PROBLEM DETAILS
The records that follow are to be repeated exactly, without any pictures.
*** EXTRACTED RECORDS
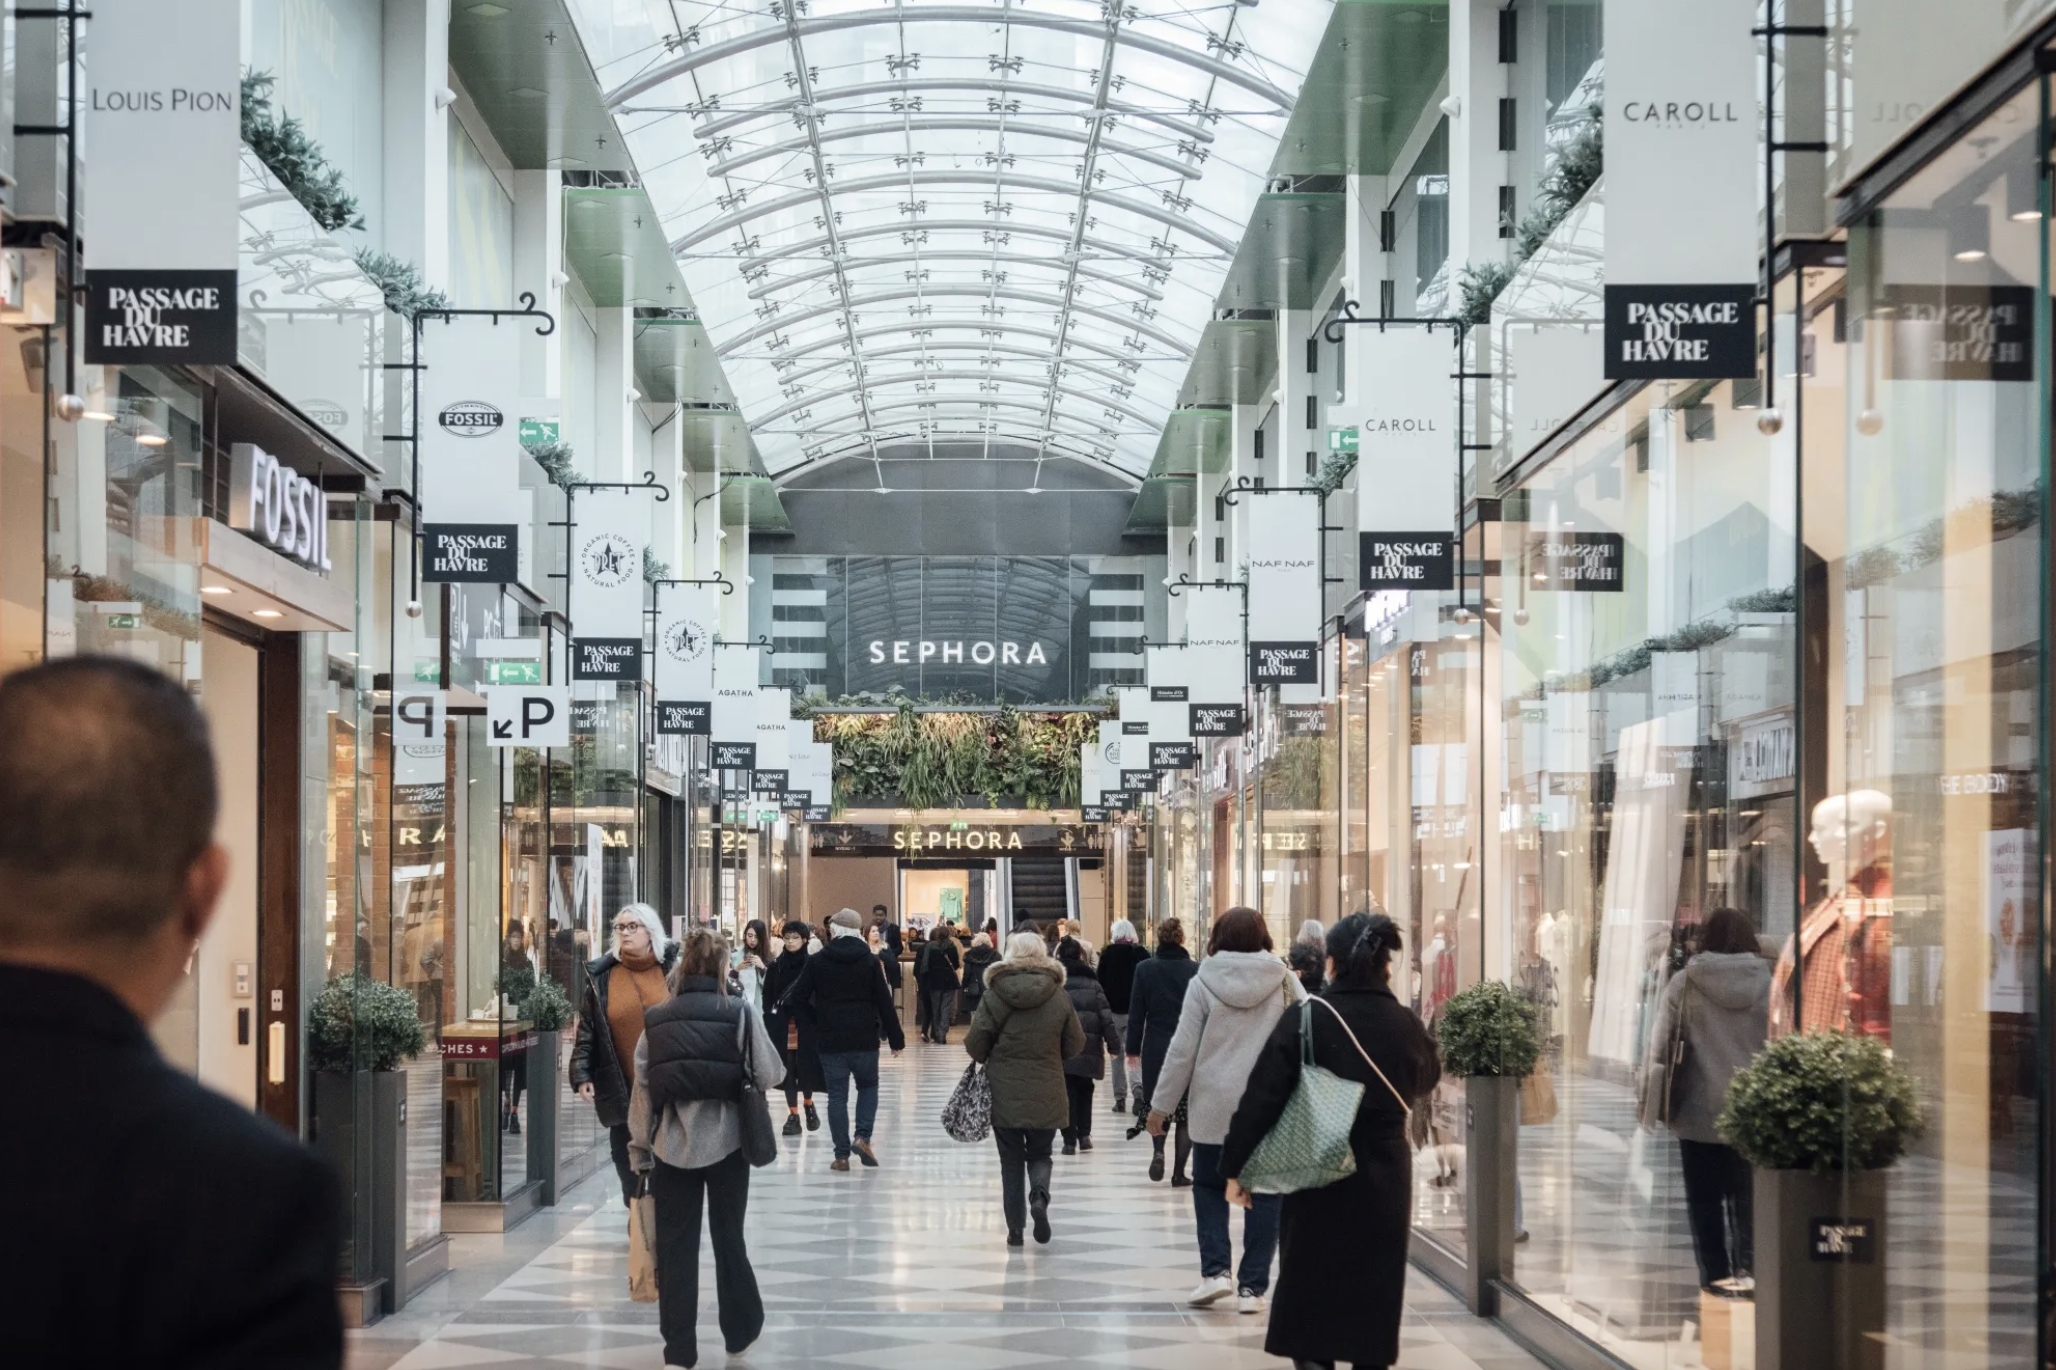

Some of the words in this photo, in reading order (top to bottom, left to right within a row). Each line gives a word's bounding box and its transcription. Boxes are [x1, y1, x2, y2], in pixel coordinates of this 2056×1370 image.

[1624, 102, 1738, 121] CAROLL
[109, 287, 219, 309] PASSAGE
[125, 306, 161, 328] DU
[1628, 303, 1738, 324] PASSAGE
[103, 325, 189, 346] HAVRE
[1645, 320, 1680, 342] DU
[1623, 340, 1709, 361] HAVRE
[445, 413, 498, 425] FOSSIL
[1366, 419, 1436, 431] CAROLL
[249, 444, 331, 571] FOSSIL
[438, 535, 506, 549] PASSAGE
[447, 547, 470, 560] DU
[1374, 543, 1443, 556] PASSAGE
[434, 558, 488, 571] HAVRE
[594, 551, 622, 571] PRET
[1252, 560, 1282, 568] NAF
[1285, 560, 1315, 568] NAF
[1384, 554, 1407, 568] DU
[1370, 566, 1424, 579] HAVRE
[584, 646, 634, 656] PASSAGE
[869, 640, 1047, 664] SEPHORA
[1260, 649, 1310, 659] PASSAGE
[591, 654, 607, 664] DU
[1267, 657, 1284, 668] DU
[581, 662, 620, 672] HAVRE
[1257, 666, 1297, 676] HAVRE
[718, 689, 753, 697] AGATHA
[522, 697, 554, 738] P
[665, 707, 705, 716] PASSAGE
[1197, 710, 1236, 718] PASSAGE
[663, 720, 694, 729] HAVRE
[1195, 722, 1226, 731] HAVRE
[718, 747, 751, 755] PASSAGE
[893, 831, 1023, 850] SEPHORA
******
ANSWER BELOW
Some of the words in this photo, in reading order (top to bottom, left to right within a row). Each line gives a word's bounding box and its transcription. Boxes are [x1, y1, x2, y2], in pixel coordinates of this 2056×1370 image.

[1624, 102, 1738, 121] CAROLL
[109, 287, 219, 309] PASSAGE
[125, 306, 161, 328] DU
[1628, 303, 1738, 324] PASSAGE
[103, 325, 189, 346] HAVRE
[1645, 320, 1680, 342] DU
[1623, 340, 1709, 361] HAVRE
[445, 413, 498, 425] FOSSIL
[1366, 419, 1436, 431] CAROLL
[249, 444, 331, 571] FOSSIL
[438, 535, 506, 549] PASSAGE
[447, 547, 470, 560] DU
[1374, 543, 1443, 556] PASSAGE
[434, 558, 488, 571] HAVRE
[594, 551, 622, 571] PRET
[1252, 560, 1282, 568] NAF
[1285, 560, 1315, 568] NAF
[1384, 554, 1407, 568] DU
[1370, 566, 1424, 579] HAVRE
[584, 646, 634, 656] PASSAGE
[869, 640, 1047, 664] SEPHORA
[1260, 649, 1310, 659] PASSAGE
[591, 654, 607, 664] DU
[1267, 657, 1284, 668] DU
[581, 662, 620, 672] HAVRE
[1257, 666, 1297, 676] HAVRE
[718, 689, 753, 697] AGATHA
[522, 697, 554, 738] P
[665, 707, 705, 716] PASSAGE
[1197, 710, 1236, 718] PASSAGE
[663, 720, 694, 729] HAVRE
[1195, 722, 1226, 731] HAVRE
[718, 747, 751, 755] PASSAGE
[893, 831, 1023, 850] SEPHORA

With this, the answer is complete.